### Exercise aim
Copy exactly, and only, the lines that start at the line containing "this 800×1777 image." and end at the last line of the material below.

### Available records
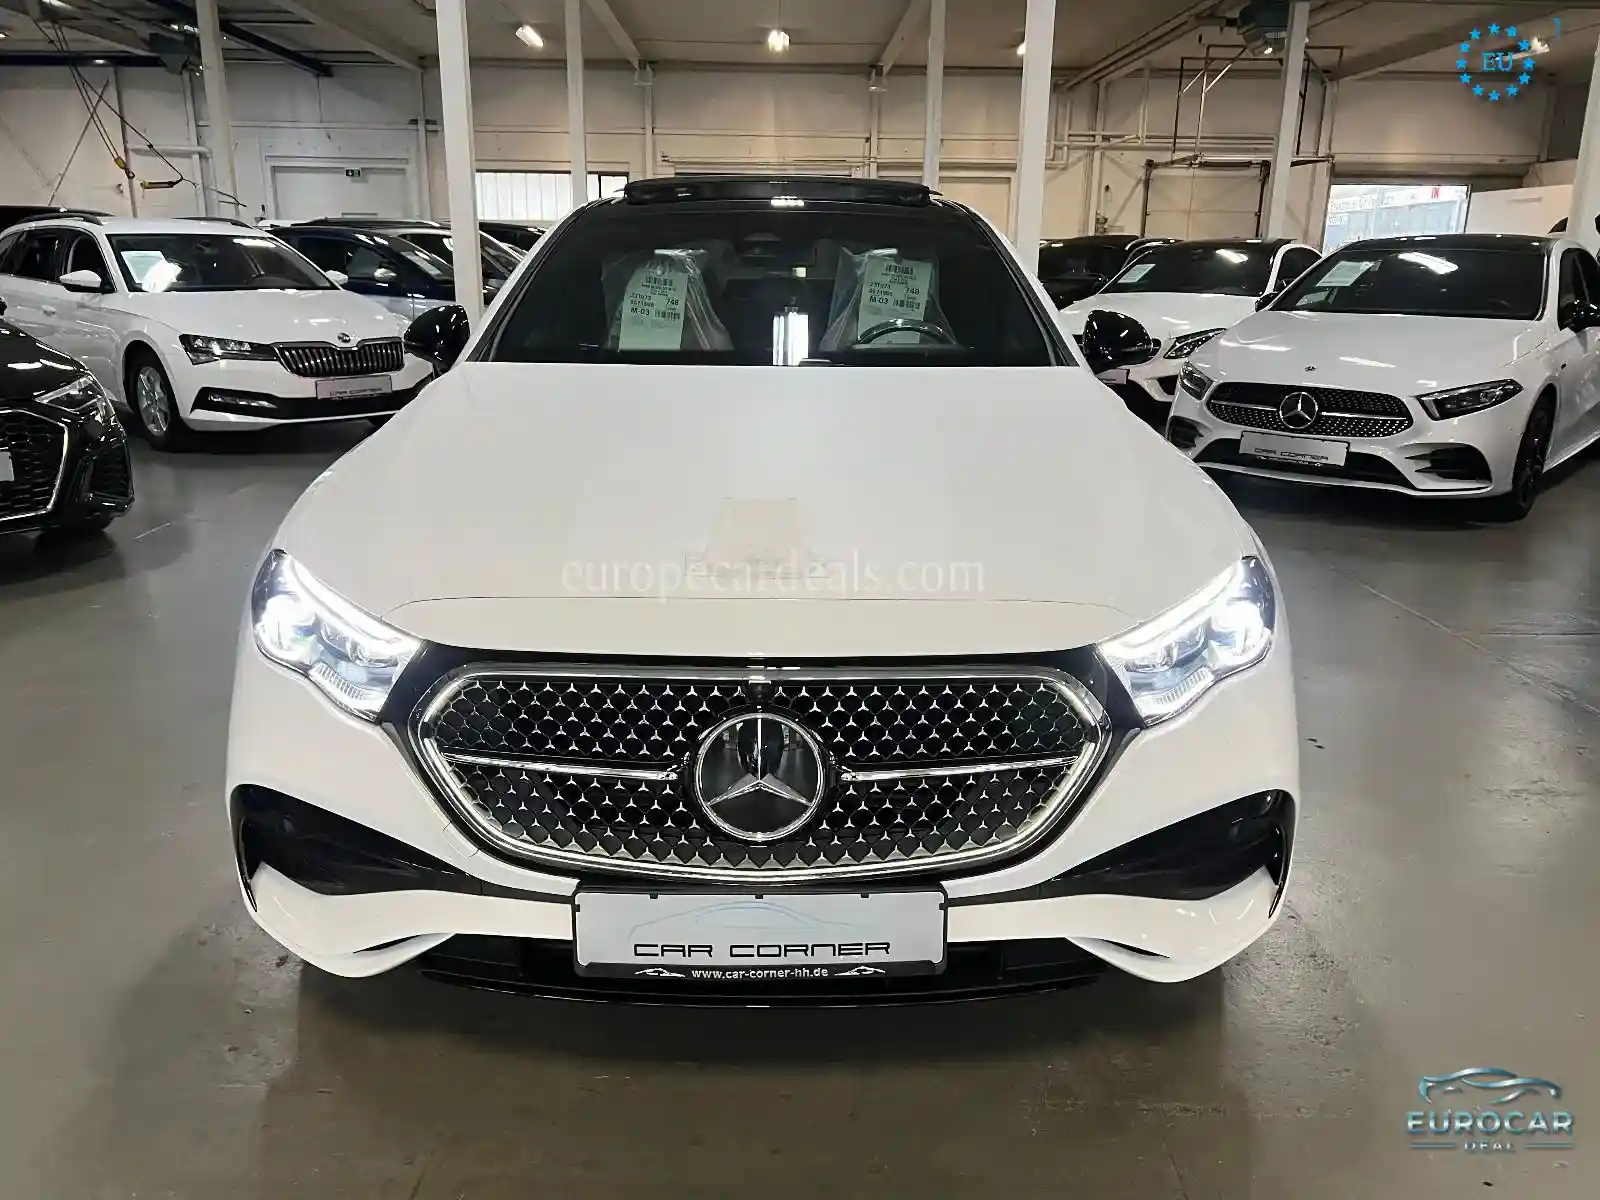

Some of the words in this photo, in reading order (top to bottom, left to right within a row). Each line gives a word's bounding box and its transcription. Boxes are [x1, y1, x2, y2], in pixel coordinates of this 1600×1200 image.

[905, 287, 920, 296] 748
[666, 298, 679, 307] 748
[869, 296, 889, 305] M-03
[630, 307, 650, 316] M-03
[634, 943, 713, 958] CAR
[729, 941, 891, 958] CORNER
[691, 967, 829, 980] www.car-corner-hh.de
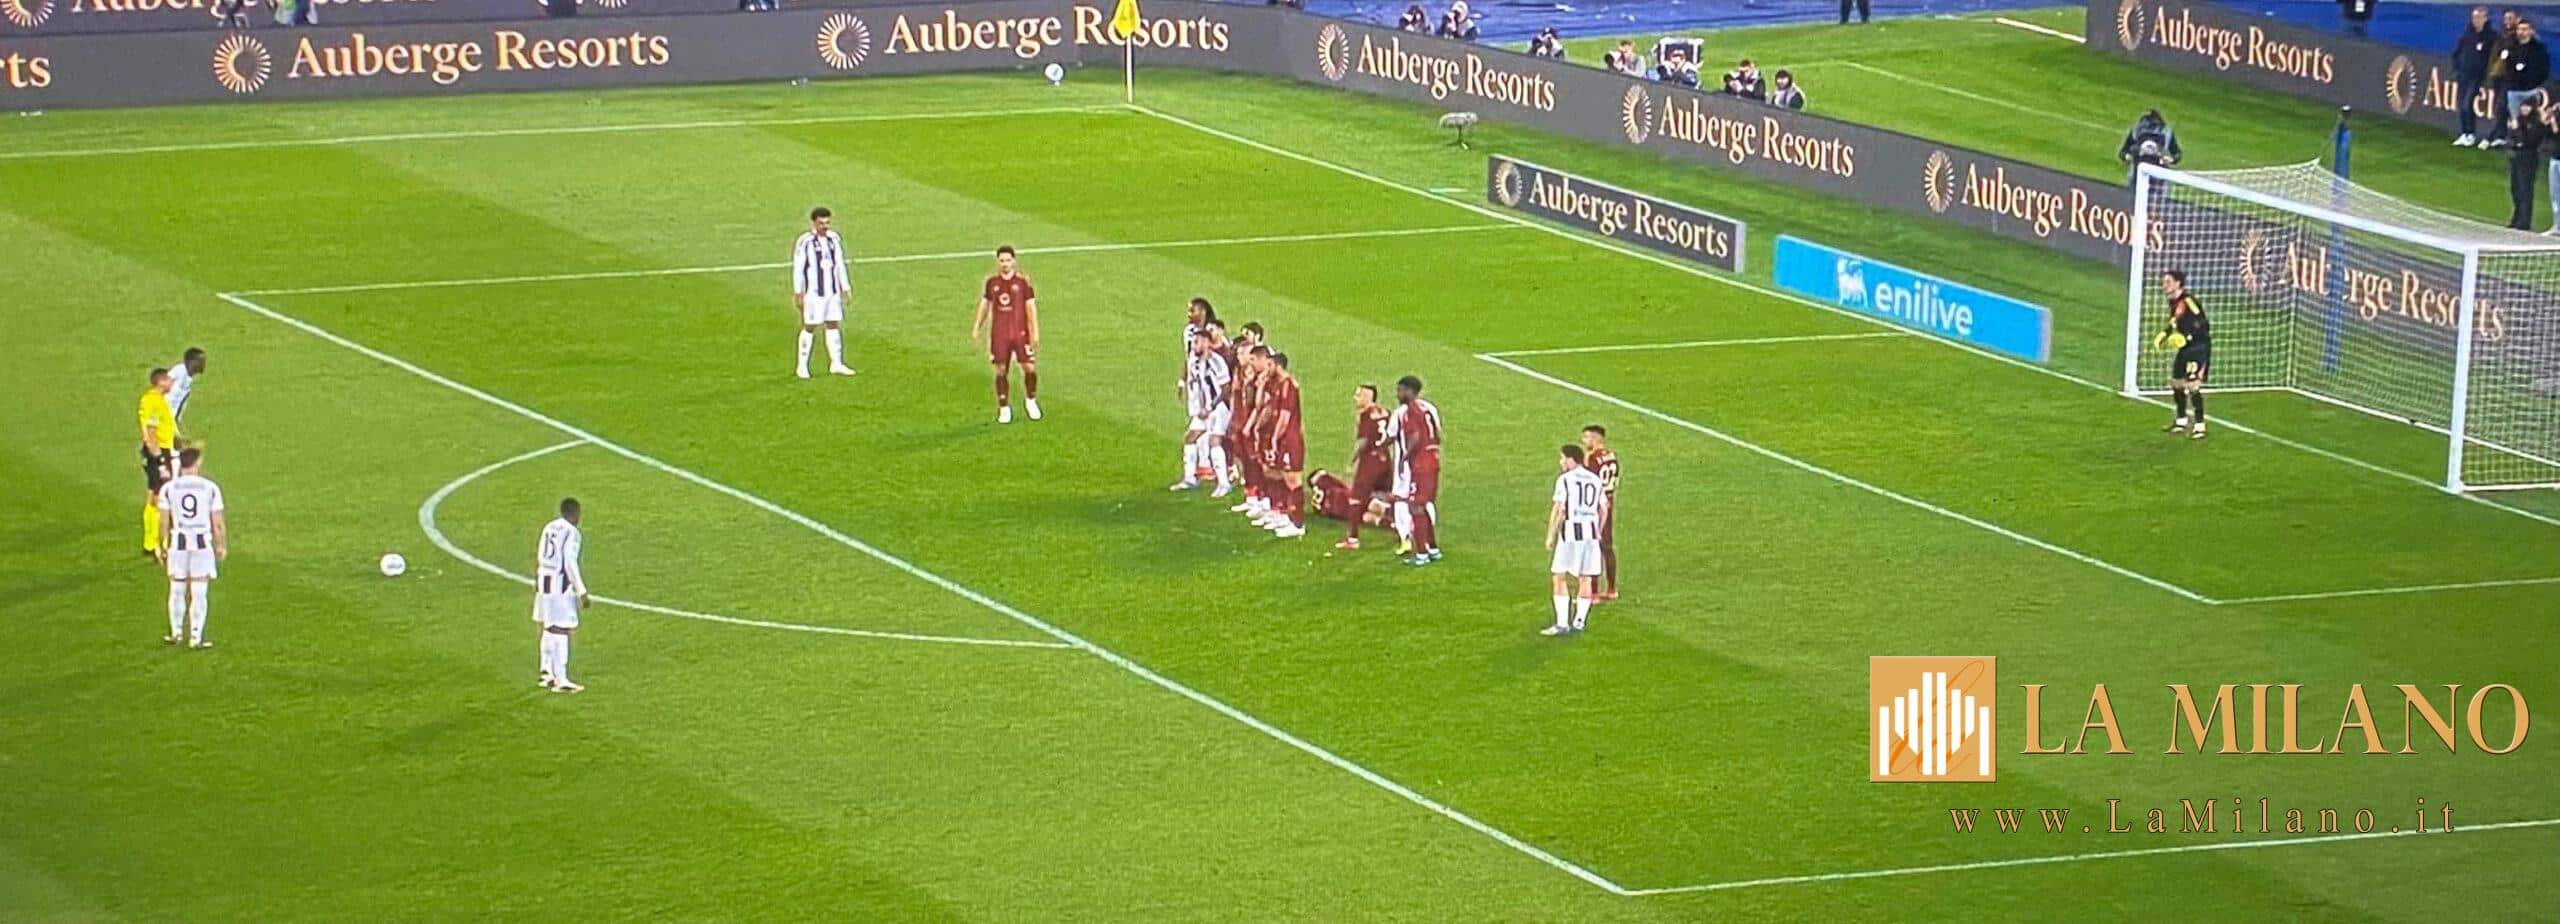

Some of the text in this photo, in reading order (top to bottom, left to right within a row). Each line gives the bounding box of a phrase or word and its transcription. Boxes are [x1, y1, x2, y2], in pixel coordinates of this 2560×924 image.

[288, 30, 670, 84] Auberge Resorts
[884, 10, 1062, 59] Auberge
[2150, 6, 2334, 84] Auberge Resorts
[1357, 33, 1555, 111] Auberge Resorts
[1659, 95, 1854, 177] Auberge Resorts
[1529, 171, 1728, 258] Auberge Resorts
[1961, 162, 2064, 237] Auberge
[1875, 282, 1973, 335] enilive
[181, 494, 197, 518] 9
[1576, 481, 1597, 507] 10
[543, 532, 557, 559] 15
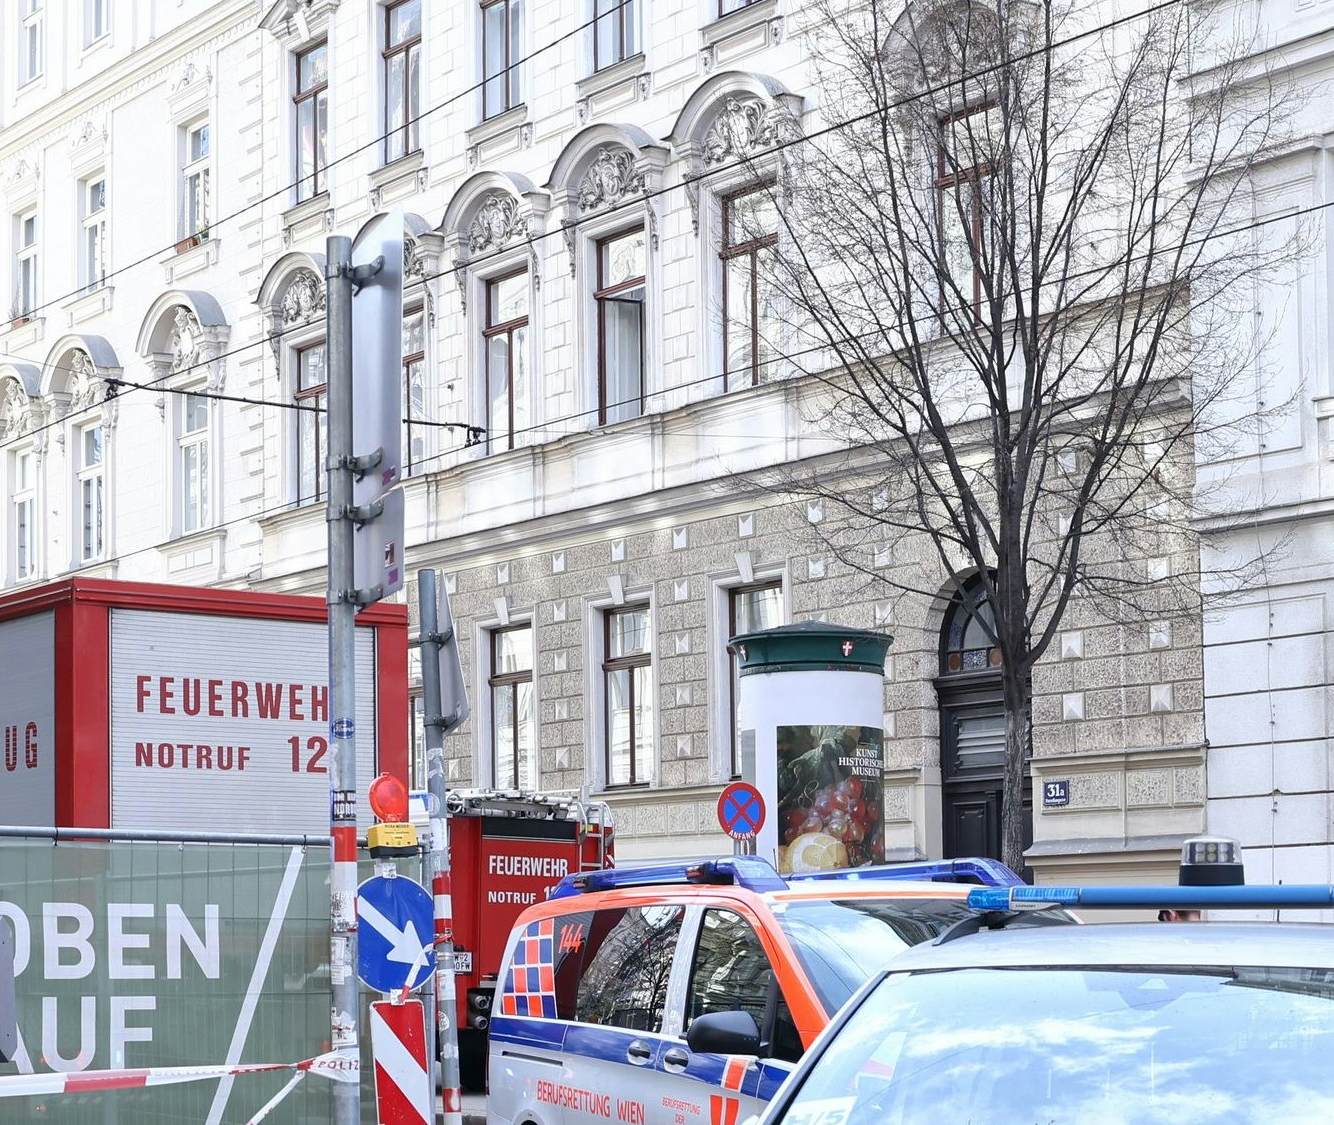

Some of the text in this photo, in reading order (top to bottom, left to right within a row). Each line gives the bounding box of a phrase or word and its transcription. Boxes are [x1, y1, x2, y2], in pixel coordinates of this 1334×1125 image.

[136, 675, 329, 722] FEUERWEH
[135, 735, 329, 774] NOTRUF 12
[855, 748, 879, 759] KUNST
[851, 766, 881, 778] MUSEUM
[1047, 783, 1065, 797] 31a
[728, 829, 756, 841] ANFANG
[488, 855, 568, 878] FEUERWEHR
[488, 890, 537, 905] NOTRUF
[558, 922, 585, 955] 144
[318, 1059, 359, 1071] POLIZ
[536, 1080, 645, 1125] BERUFSRETTUNG WIEN
[662, 1096, 701, 1115] BERUFSRETTUNG
[674, 1115, 685, 1125] DER
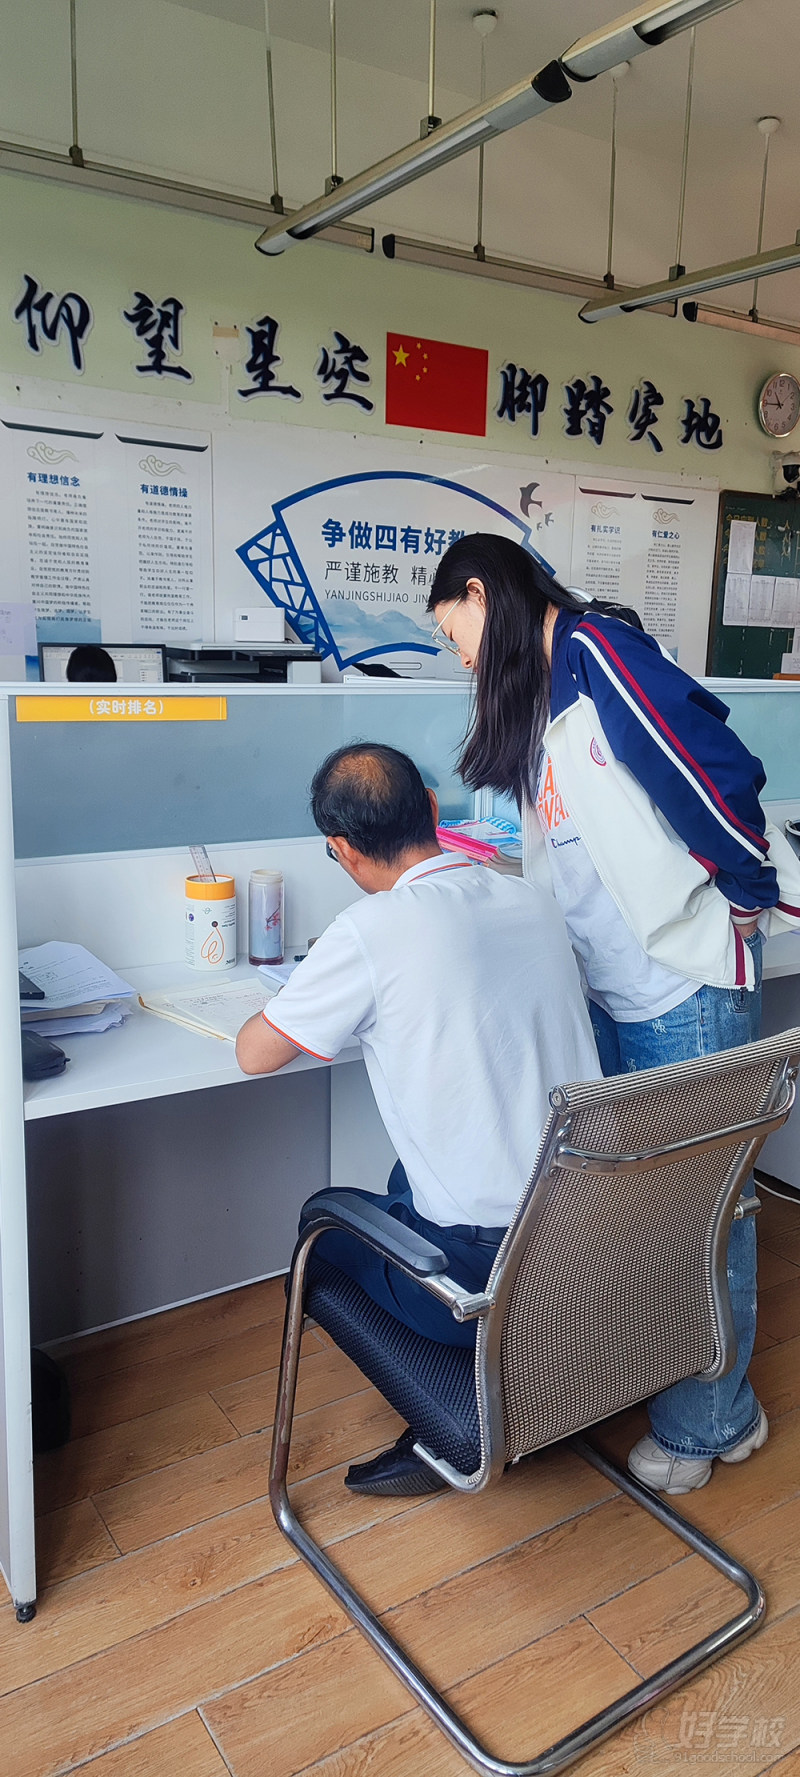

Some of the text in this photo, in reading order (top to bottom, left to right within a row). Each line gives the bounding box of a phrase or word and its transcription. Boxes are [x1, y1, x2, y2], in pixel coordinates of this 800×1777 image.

[26, 471, 81, 488] 有理想信念
[139, 483, 188, 499] 有道德情操
[590, 524, 621, 535] 有扎实学识
[651, 530, 680, 539] 有仁爱之心
[324, 560, 399, 585] 严谨施教
[324, 588, 409, 604] YANJINGSHIJIAO

### Written solution
Some of the text in this photo, in reading order (top to bottom, left to right within a row). Each line gives the bounding box of a phrase or word and its transcription. Boxes are [x1, y1, x2, y2], in pixel coordinates of this 800×1777 image.

[26, 471, 81, 488] 有理想信念
[139, 483, 188, 499] 有道德情操
[590, 524, 621, 535] 有扎实学识
[651, 530, 680, 539] 有仁爱之心
[324, 560, 399, 585] 严谨施教
[324, 588, 409, 604] YANJINGSHIJIAO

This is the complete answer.